けしてイケメンではないけれど、私のようなオバサンにも親切で仕事もそれなりに熱心。目下の悩みは彼女がいないことと、「ありふれた名字や呼び名のせいで、取引先に名前と顔を覚えてもらえない」ことらしい。
取引先に顔を覚えてもらえないのは名字のせいじゃないと思うよ、そう言ってやろうかと思った時、入口のドアが開いて「こんにちは、回覧板、置いて行きますね」というやわらかい声が聞こえてきた。
私は思わず顔を上げて、帰ろうとした彼女を呼び止めた。瞬間的にオバサンの本能が働いたのだ。
「あら、ユイちゃんご苦労様!ねぇちょっと待って」彼女はちょっと驚いた様子だったが、私はかまわずに話しかけた。

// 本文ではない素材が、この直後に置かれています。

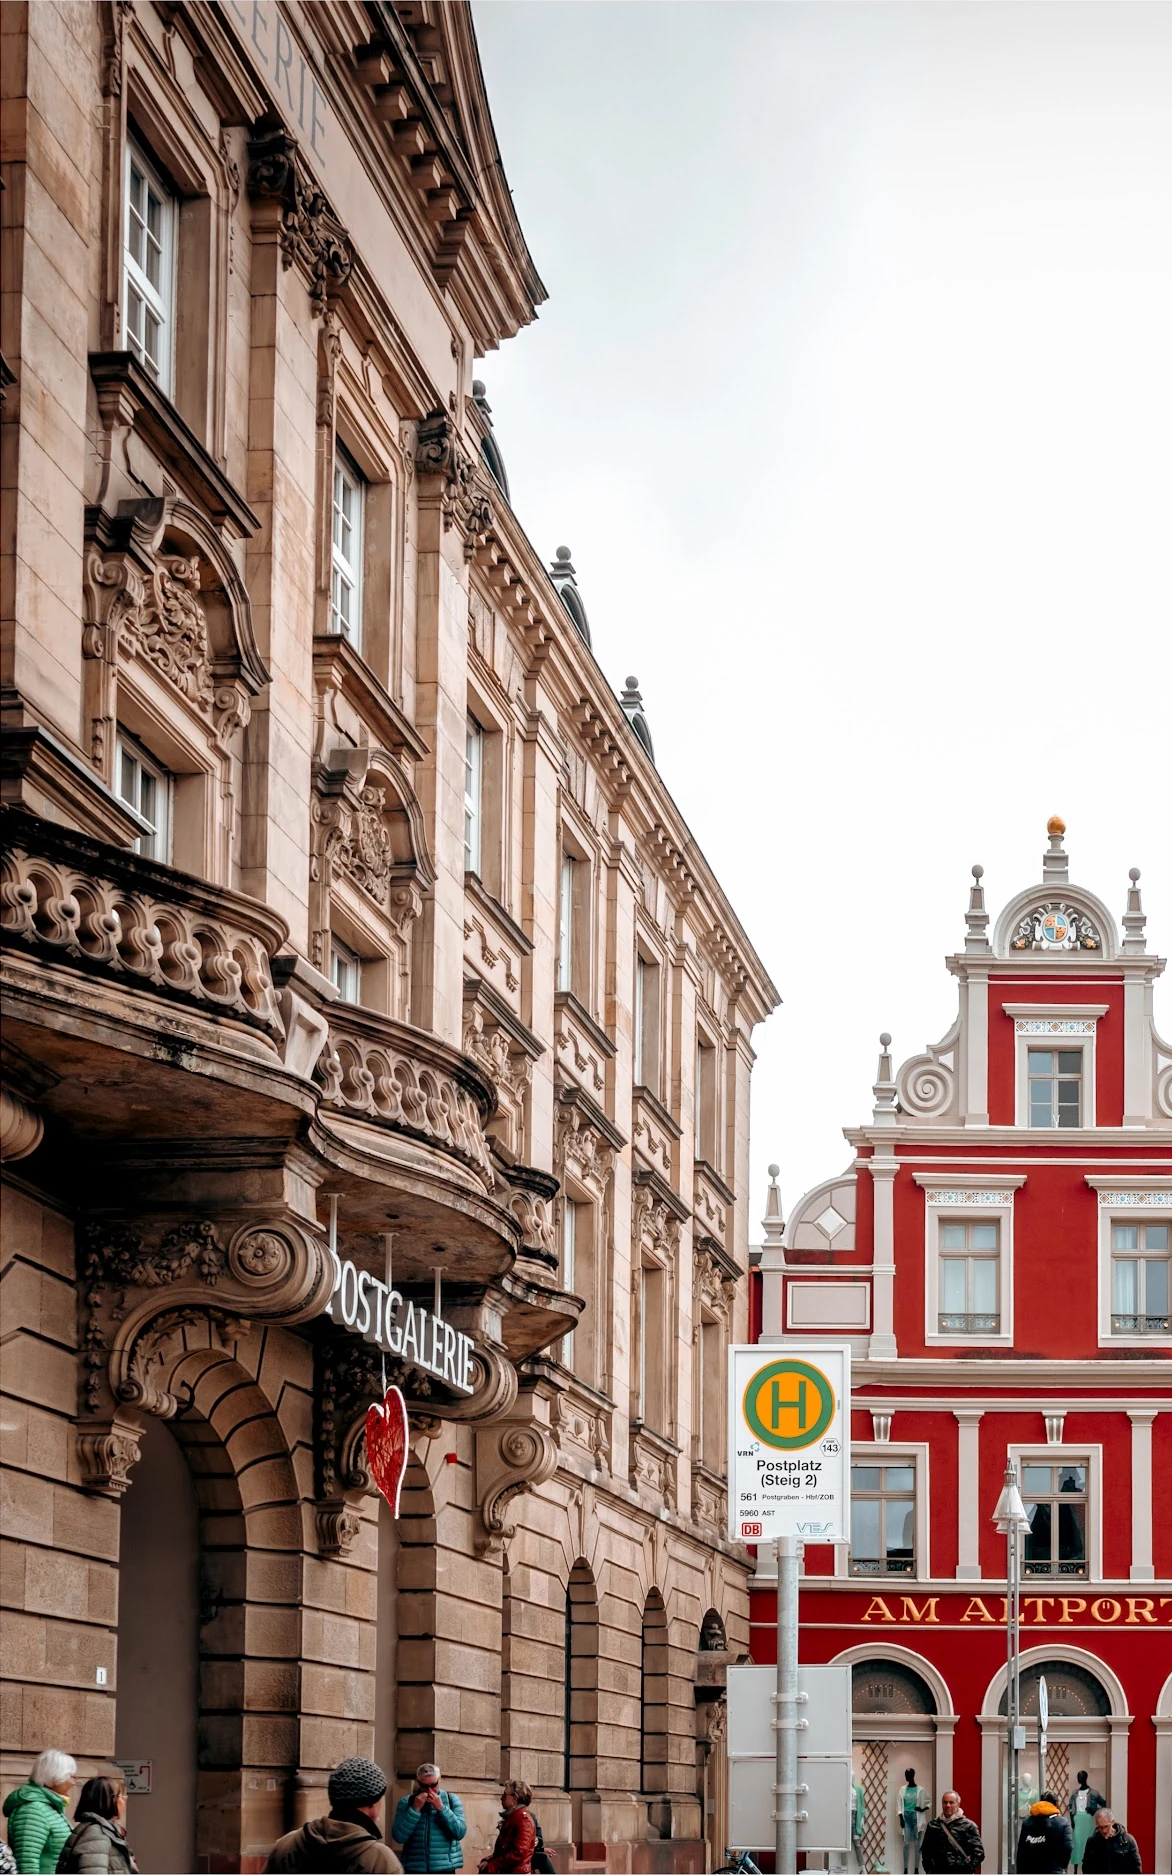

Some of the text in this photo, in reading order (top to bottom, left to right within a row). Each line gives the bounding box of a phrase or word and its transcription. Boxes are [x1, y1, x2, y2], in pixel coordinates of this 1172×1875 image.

「ユイちゃん、紹介するわ。この人、うちの会社のワタナベサトルくん。ナベちゃんって呼ばれてるの。ナベちゃん、こちらの彼女はワタナベユイさん。お隣の保険ショップにインターンシップで来てる大学院生さんなのよ」
ナベちゃんは渡辺という名字に反応したのか彼女の素晴らしい笑顔に反応したのか知らないが、口を半分あけてぼーっとユイちゃんを見ている。わかったかナベちゃん、顔を覚えてもらうのに大切なのは名字じゃない、その人自身の魅力だよ・・ナベちゃんにそれを理解させたと確信したあと、もう一つおせっかいをするつもりで私は言った。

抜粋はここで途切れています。